*Work task:*
Please give the entries again in full and exactly, without any picture.

*Available data:*

------------------------------------

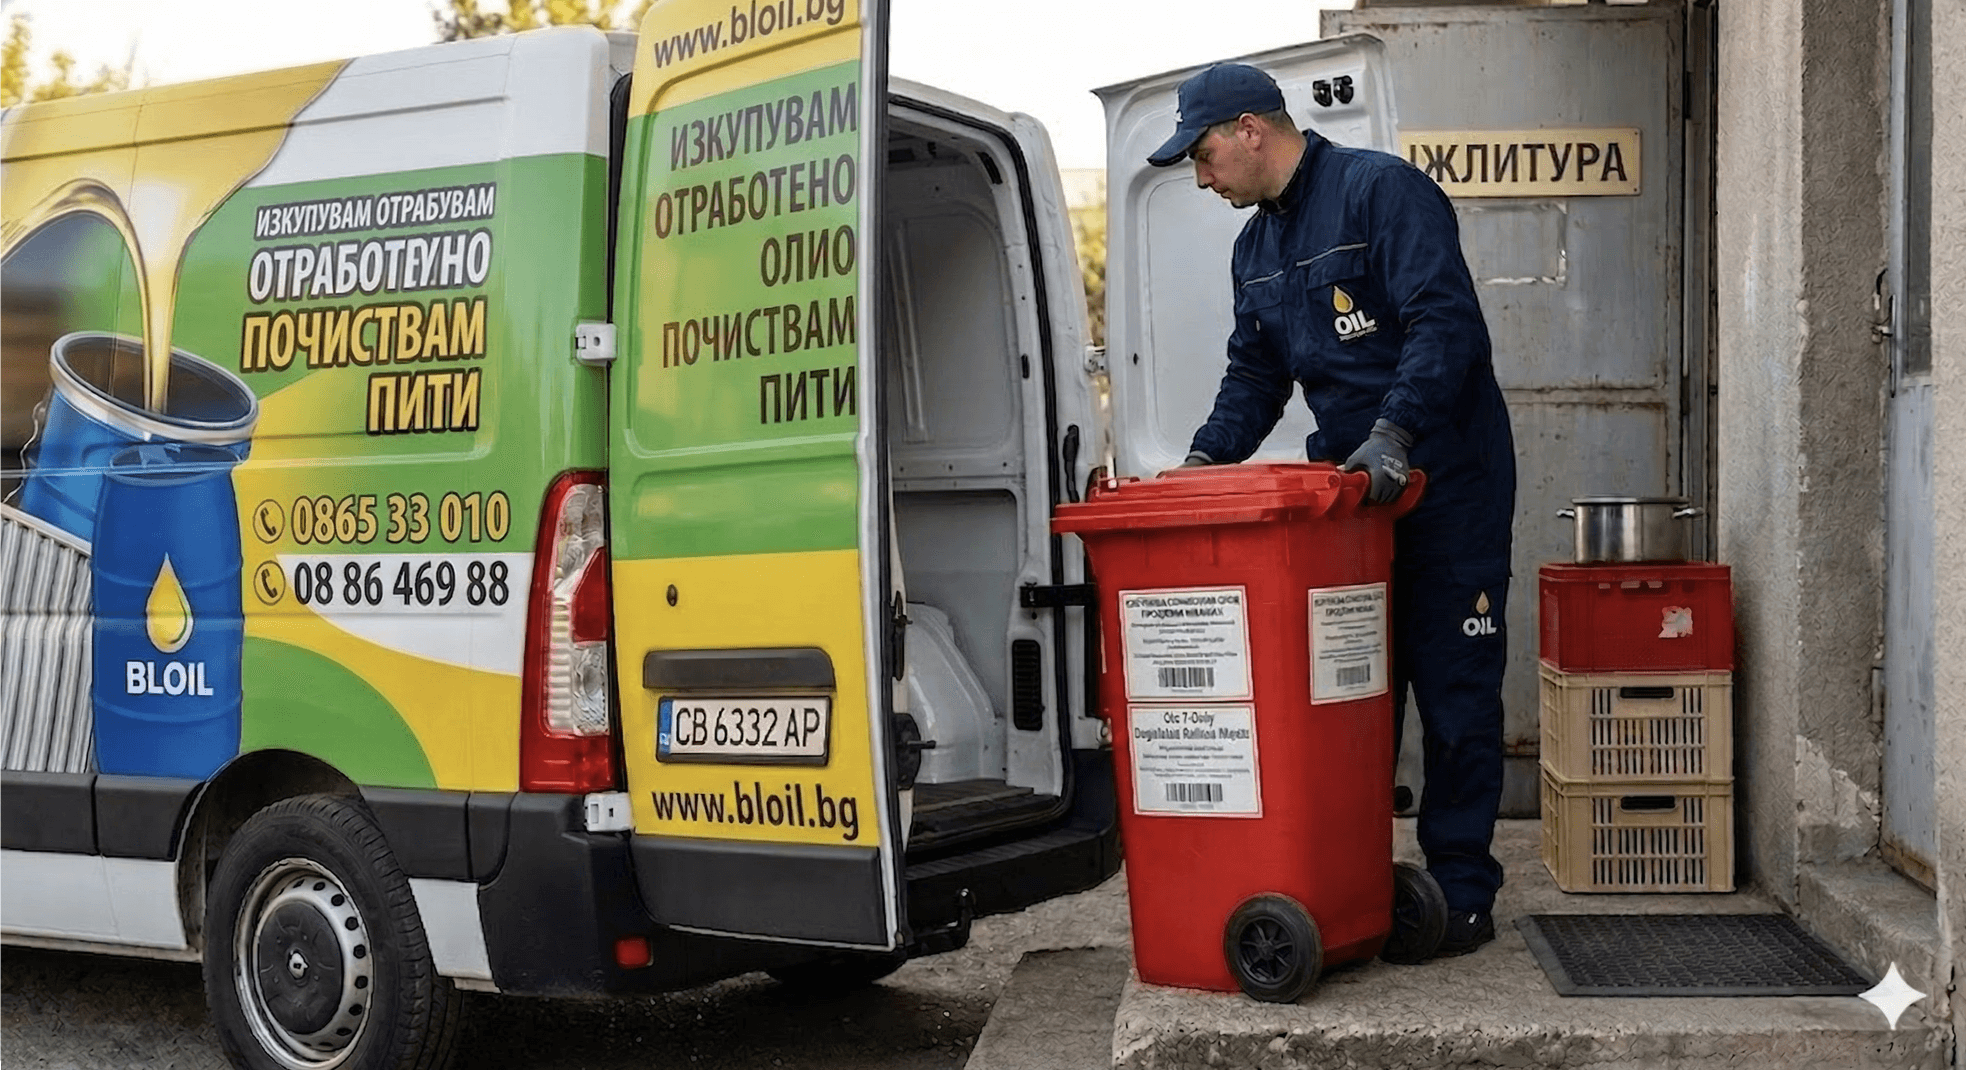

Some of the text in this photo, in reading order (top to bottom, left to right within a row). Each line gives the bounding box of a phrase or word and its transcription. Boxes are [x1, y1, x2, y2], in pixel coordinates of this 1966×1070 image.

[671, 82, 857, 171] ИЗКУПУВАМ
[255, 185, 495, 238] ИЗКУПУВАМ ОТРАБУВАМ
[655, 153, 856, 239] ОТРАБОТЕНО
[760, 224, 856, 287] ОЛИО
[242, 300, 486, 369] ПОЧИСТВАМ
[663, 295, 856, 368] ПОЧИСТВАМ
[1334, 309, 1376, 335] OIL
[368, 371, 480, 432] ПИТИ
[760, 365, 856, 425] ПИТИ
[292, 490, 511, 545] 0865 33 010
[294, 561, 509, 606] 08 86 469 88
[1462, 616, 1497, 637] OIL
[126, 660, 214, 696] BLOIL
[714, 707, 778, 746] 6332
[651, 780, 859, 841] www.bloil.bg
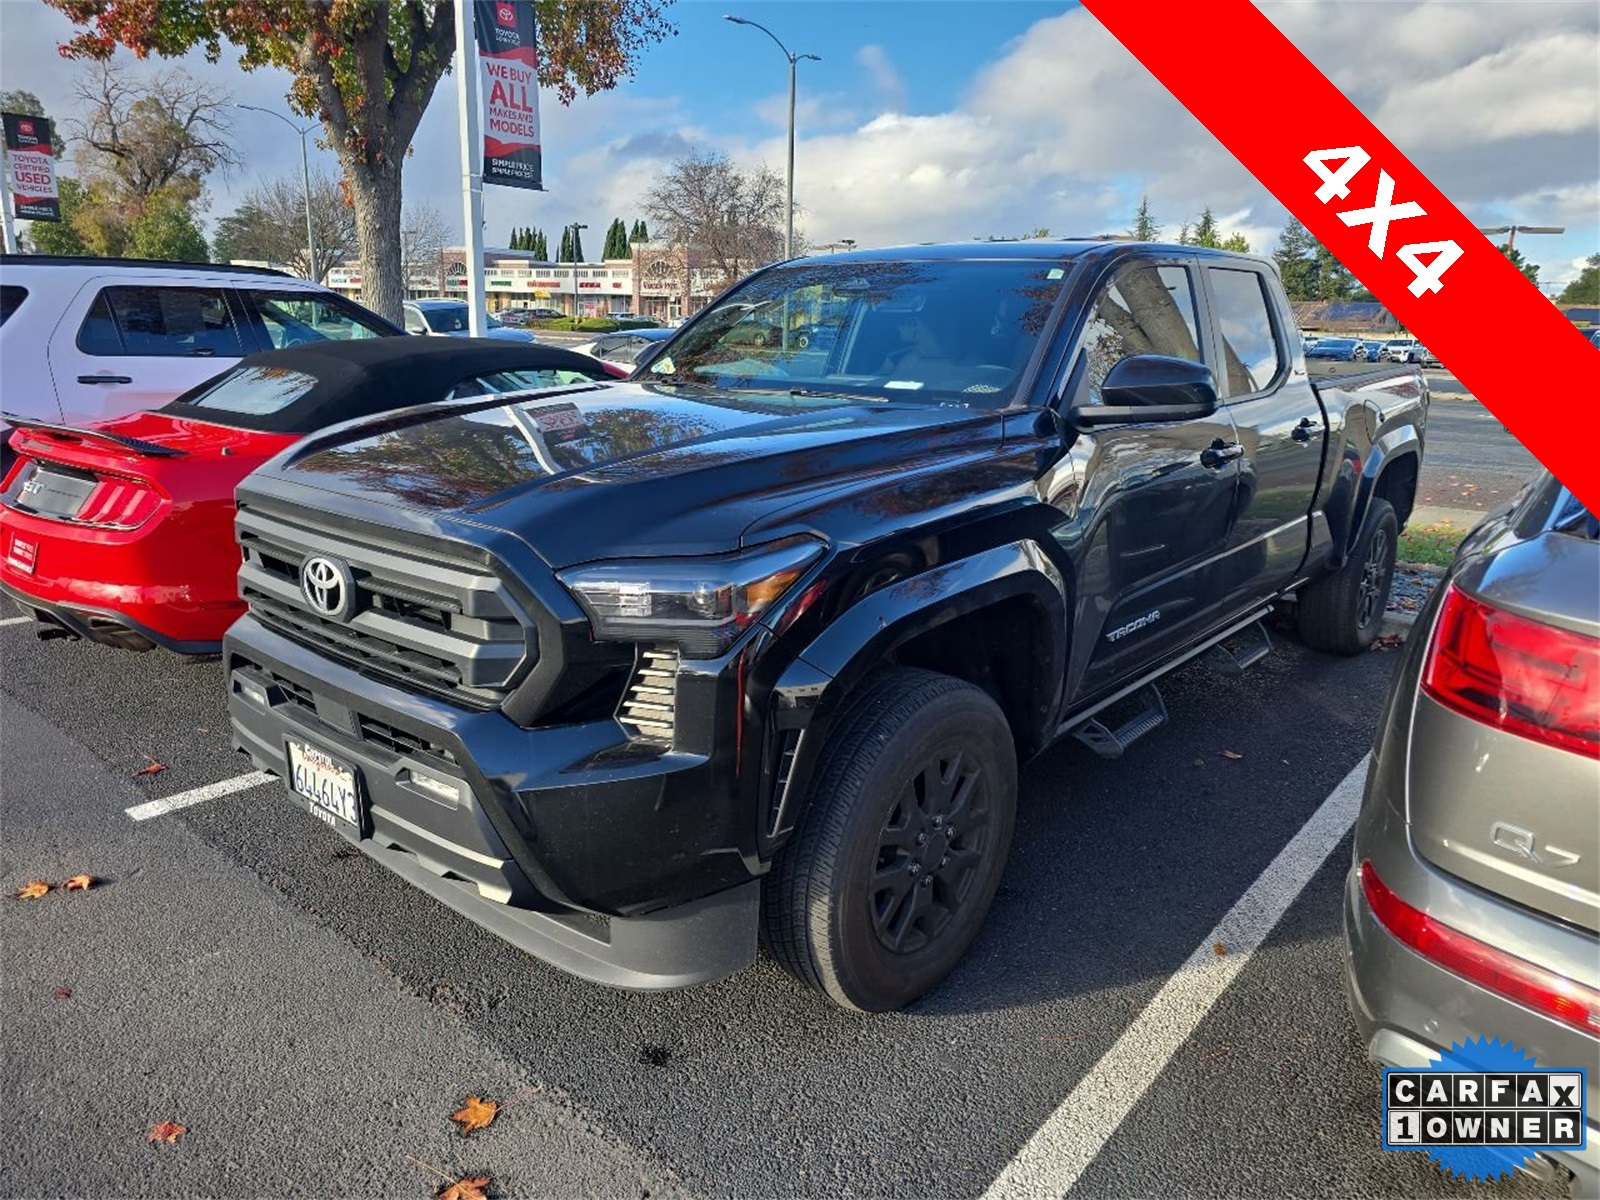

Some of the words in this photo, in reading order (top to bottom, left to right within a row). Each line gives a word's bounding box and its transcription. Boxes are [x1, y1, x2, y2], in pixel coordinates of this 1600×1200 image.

------------------------------------

*Task result:*
Some of the text in this photo, in reading order (top to bottom, left to right within a row). Each line gives the bounding box of a phrase or word and its transcription. Boxes are [x1, y1, x2, y2], in pixel coordinates of this 1966×1070 image.

[671, 82, 857, 171] ИЗКУПУВАМ
[255, 185, 495, 238] ИЗКУПУВАМ ОТРАБУВАМ
[655, 153, 856, 239] ОТРАБОТЕНО
[760, 224, 856, 287] ОЛИО
[242, 300, 486, 369] ПОЧИСТВАМ
[663, 295, 856, 368] ПОЧИСТВАМ
[1334, 309, 1376, 335] OIL
[368, 371, 480, 432] ПИТИ
[760, 365, 856, 425] ПИТИ
[292, 490, 511, 545] 0865 33 010
[294, 561, 509, 606] 08 86 469 88
[1462, 616, 1497, 637] OIL
[126, 660, 214, 696] BLOIL
[714, 707, 778, 746] 6332
[651, 780, 859, 841] www.bloil.bg

Some of the words in this photo, in reading order (top to bottom, left to right within a row). Each line gives a word's bounding box and its transcription. Boxes are [x1, y1, x2, y2], in pixel coordinates of this 1600×1200 image.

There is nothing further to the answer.